Le plus important est que, contrairement à la CRISPR traditionnelle qui « coupe les deux brins d’ADN », cette méthode n’a pas entraîné de perte ou de déformation majeure des chromosomes (problèmes fréquents avec la CRISPR, entraînant l’échec du développement embryonnaire).
En quoi l’édition des bases est-elle supérieure à la CRISPR ?
La CRISPR fonctionne comme des « ciseaux » qui coupent l’ADN en deux parties, laissant les cellules se réparer elles-mêmes. Cependant, ces réparations peuvent être erronées (perte d’un fragment d’ADN ou perturbation des chromosomes), ce qui peut entraîner l’échec de l’embryon.
L’édition des bases, quant à elle, agit comme la correction d’une erreur de frappe : elle remplace directement une base par une autre sans couper l’ADN, ce qui réduit considérablement les dommages. Cette expérience a démontré que cette méthode ne provoque pas de problèmes chromosomiques importants, ce qui constitue un grand progrès technologique.
Quels sont encore les défauts de cette technologie ?
1. Problème des chimères : Dans le même embryon, certaines cellules ont été modifiées avec succès, tandis que d’autres non.
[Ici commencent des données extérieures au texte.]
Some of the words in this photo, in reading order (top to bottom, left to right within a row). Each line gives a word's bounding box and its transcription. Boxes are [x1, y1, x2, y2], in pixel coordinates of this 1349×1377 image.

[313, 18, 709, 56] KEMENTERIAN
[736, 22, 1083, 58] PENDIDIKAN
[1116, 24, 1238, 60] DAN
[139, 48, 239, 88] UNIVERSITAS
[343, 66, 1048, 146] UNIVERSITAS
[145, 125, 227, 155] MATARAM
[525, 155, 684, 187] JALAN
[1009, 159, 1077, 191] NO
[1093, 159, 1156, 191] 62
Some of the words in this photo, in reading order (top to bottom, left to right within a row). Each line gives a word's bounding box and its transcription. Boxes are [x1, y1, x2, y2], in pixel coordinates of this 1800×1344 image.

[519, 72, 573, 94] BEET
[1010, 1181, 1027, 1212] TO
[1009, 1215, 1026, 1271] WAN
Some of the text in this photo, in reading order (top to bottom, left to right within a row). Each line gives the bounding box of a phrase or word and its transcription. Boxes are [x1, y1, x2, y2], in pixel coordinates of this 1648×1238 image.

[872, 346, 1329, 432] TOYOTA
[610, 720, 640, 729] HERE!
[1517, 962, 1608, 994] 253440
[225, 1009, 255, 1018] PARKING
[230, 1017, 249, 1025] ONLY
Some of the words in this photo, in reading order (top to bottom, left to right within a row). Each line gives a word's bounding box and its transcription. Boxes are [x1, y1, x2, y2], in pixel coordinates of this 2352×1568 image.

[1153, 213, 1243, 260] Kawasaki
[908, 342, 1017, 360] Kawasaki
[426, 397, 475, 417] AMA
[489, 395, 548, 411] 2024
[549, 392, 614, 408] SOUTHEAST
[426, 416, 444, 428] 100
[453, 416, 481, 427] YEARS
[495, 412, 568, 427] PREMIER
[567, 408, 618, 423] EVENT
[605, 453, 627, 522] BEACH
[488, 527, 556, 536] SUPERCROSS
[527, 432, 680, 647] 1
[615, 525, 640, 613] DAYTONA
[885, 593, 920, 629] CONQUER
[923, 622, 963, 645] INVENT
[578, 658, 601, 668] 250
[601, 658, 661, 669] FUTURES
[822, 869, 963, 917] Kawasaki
Un tel embryon ne peut pas être utilisé pour la procréation.
2. Arrêt du développement embryonnaire : L’importation de l’outil sous forme d’ARN a provoqué l’arrêt du développement de certains embryons, indiquant que l’outil peut causer des dommages.
3. Limitations : Elle ne peut modifier que des paires de bases spécifiques (par exemple, un A par un G) et ne peut pas corriger toutes les mutations ; il existe également un risque de « délétion ciblée » (modification dans des endroits inappropriés).
L’équipe a donc clairement indiqué que cette technologie ne peut pas être utilisée pour des applications cliniques pour l’instant.
Pourquoi la communauté scientifique est-elle divisée ?
Partisans : Ils considèrent que l’expérience est prudente et conforme aux normes éthiques (contrairement à l’utilisation abusive de la CRISPR par He Jiankui en 2018) et qu’elle représente un tournant conceptuel dans le domaine, pouvant faire avancer la recherche sur l’édition génétique de manière plus sûre.
Opposants :
- Ils s’inquiètent que les personnes riches puissent abuser de cette technologie pour « optimiser » les bébés (modifier leur taille, leur intelligence), ce qui pourrait conduire à la naissance d’enfants malades.
- Ils estiment que cela n’est pas nécessaire : de nombreuses maladies génétiques peuvent être évitées en choisissant des embryons sains lors des procédures de fécondation in vitro.
- Ils craignent les conséquences sur les générations futures : les modifications génétiques dans l’embryon pourraient se transmettre aux descendants, avec des conséquences potentiellement graves sur plusieurs générations.
Vers où va cette technologie à l’avenir ?
Son potentiel est immense : de nombreuses maladies génétiques (comme la drépanocytose) résultent d’une erreur dans une seule base, et l’édition des bases pourrait permettre de les traiter. Cependant, de nombreux défis restent à surmonter :
- Technologiquement, il faut résoudre les problèmes de chimères et de délétion ciblée.
- Éthiquement, il est nécessaire d’établir des règles claires : de nombreux pays interdisent actuellement l’utilisation d’embryons modifiés pour la procréation. Il faudra trouver un équilibre entre le traitement des maladies et les risques d’abus.
Seul un développement scientifique coordonné avec une bonne gouvernance sociale permettra à cette technologie de devenir une bénédiction pour les patients atteints de maladies génétiques, plutôt qu’un outil source de catastrophes éthiques.